> _The problem_
Output every entry below word for word, minus the images.

Dataset entries
+ + + +

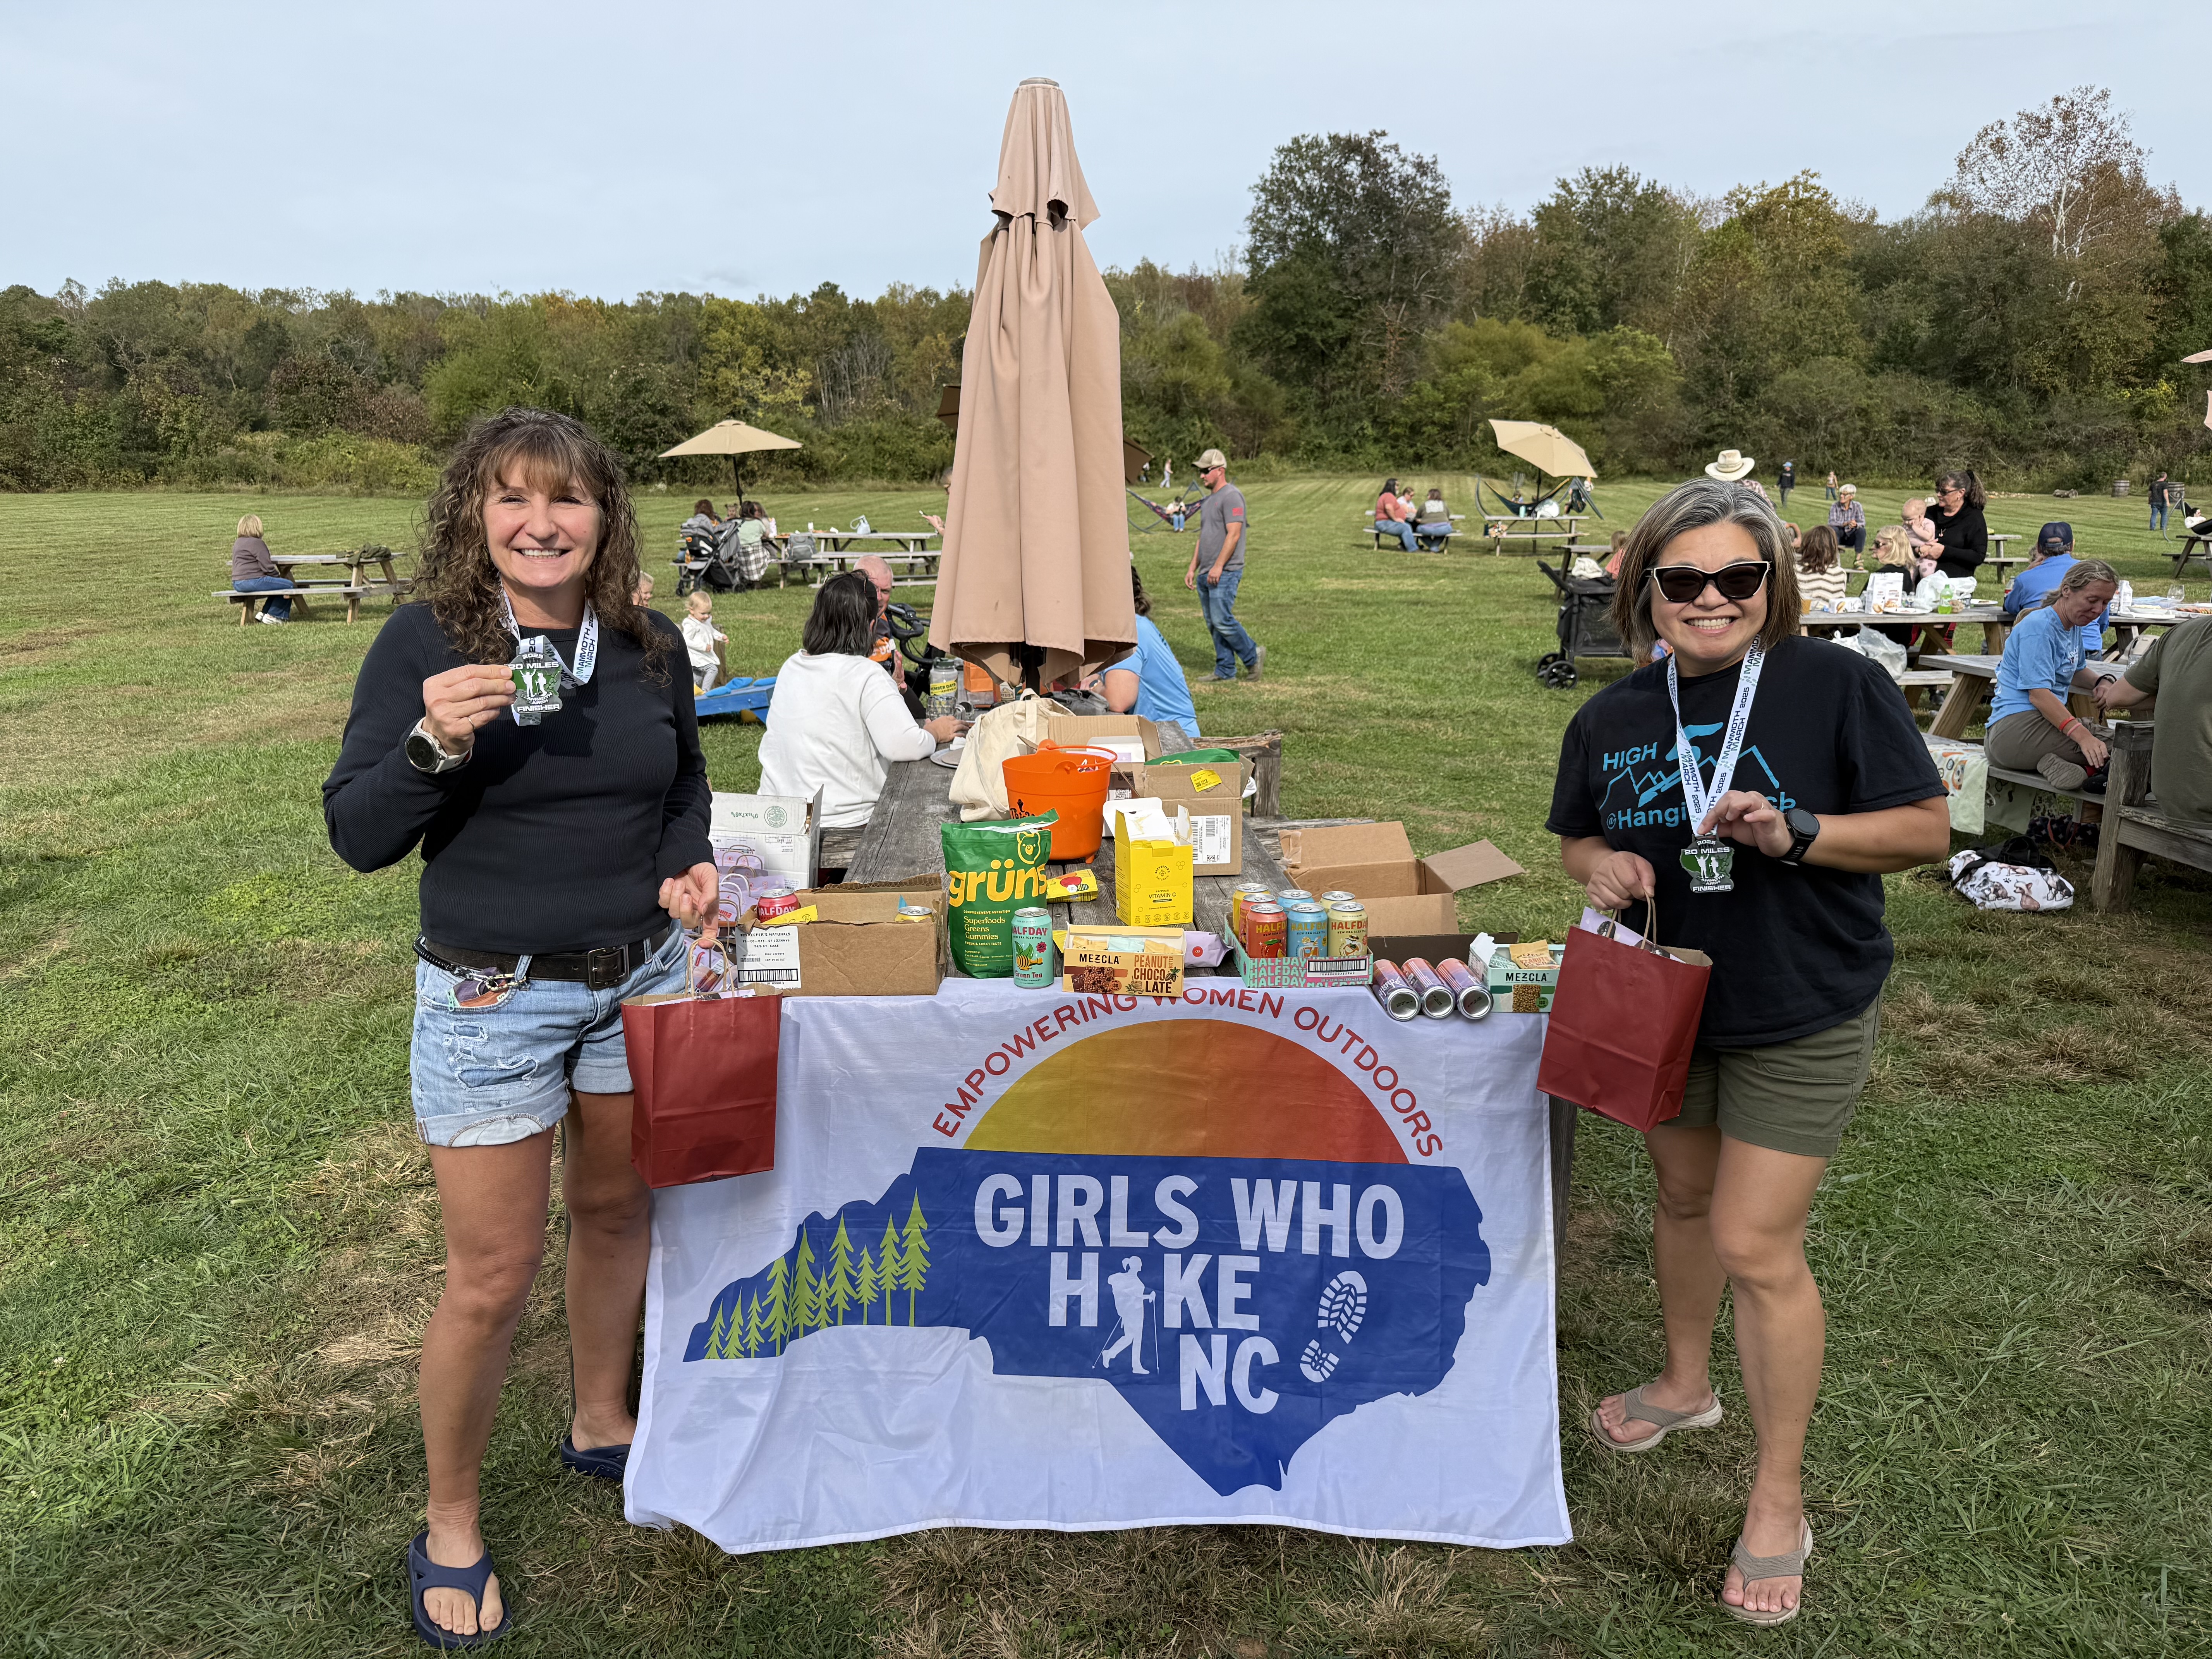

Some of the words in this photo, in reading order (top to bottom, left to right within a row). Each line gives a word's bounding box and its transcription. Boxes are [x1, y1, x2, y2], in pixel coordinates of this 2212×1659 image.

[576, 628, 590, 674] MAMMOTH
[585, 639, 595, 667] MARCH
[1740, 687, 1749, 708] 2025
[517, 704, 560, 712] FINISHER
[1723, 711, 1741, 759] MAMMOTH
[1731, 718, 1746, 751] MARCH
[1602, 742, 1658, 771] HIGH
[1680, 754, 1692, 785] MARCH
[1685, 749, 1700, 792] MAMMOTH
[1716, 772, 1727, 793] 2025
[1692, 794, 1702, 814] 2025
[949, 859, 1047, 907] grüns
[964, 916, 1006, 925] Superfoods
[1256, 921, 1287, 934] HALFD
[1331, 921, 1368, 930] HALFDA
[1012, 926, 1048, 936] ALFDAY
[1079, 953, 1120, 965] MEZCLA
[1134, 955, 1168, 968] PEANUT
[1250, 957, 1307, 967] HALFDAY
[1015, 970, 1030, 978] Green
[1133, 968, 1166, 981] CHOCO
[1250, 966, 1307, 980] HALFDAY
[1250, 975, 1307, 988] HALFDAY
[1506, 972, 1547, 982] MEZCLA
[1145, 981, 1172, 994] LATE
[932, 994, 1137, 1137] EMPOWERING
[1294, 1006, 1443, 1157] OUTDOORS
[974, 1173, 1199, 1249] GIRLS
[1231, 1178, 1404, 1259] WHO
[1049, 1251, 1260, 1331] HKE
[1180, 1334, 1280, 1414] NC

+ + + +

> _Task result_
Some of the words in this photo, in reading order (top to bottom, left to right within a row). Each line gives a word's bounding box and its transcription. Boxes are [x1, y1, x2, y2], in pixel coordinates of this 2212×1659 image.

[576, 628, 590, 674] MAMMOTH
[585, 639, 595, 667] MARCH
[1740, 687, 1749, 708] 2025
[517, 704, 560, 712] FINISHER
[1723, 711, 1741, 759] MAMMOTH
[1731, 718, 1746, 751] MARCH
[1602, 742, 1658, 771] HIGH
[1680, 754, 1692, 785] MARCH
[1685, 749, 1700, 792] MAMMOTH
[1716, 772, 1727, 793] 2025
[1692, 794, 1702, 814] 2025
[949, 859, 1047, 907] grüns
[964, 916, 1006, 925] Superfoods
[1256, 921, 1287, 934] HALFD
[1331, 921, 1368, 930] HALFDA
[1012, 926, 1048, 936] ALFDAY
[1079, 953, 1120, 965] MEZCLA
[1134, 955, 1168, 968] PEANUT
[1250, 957, 1307, 967] HALFDAY
[1015, 970, 1030, 978] Green
[1133, 968, 1166, 981] CHOCO
[1250, 966, 1307, 980] HALFDAY
[1250, 975, 1307, 988] HALFDAY
[1506, 972, 1547, 982] MEZCLA
[1145, 981, 1172, 994] LATE
[932, 994, 1137, 1137] EMPOWERING
[1294, 1006, 1443, 1157] OUTDOORS
[974, 1173, 1199, 1249] GIRLS
[1231, 1178, 1404, 1259] WHO
[1049, 1251, 1260, 1331] HKE
[1180, 1334, 1280, 1414] NC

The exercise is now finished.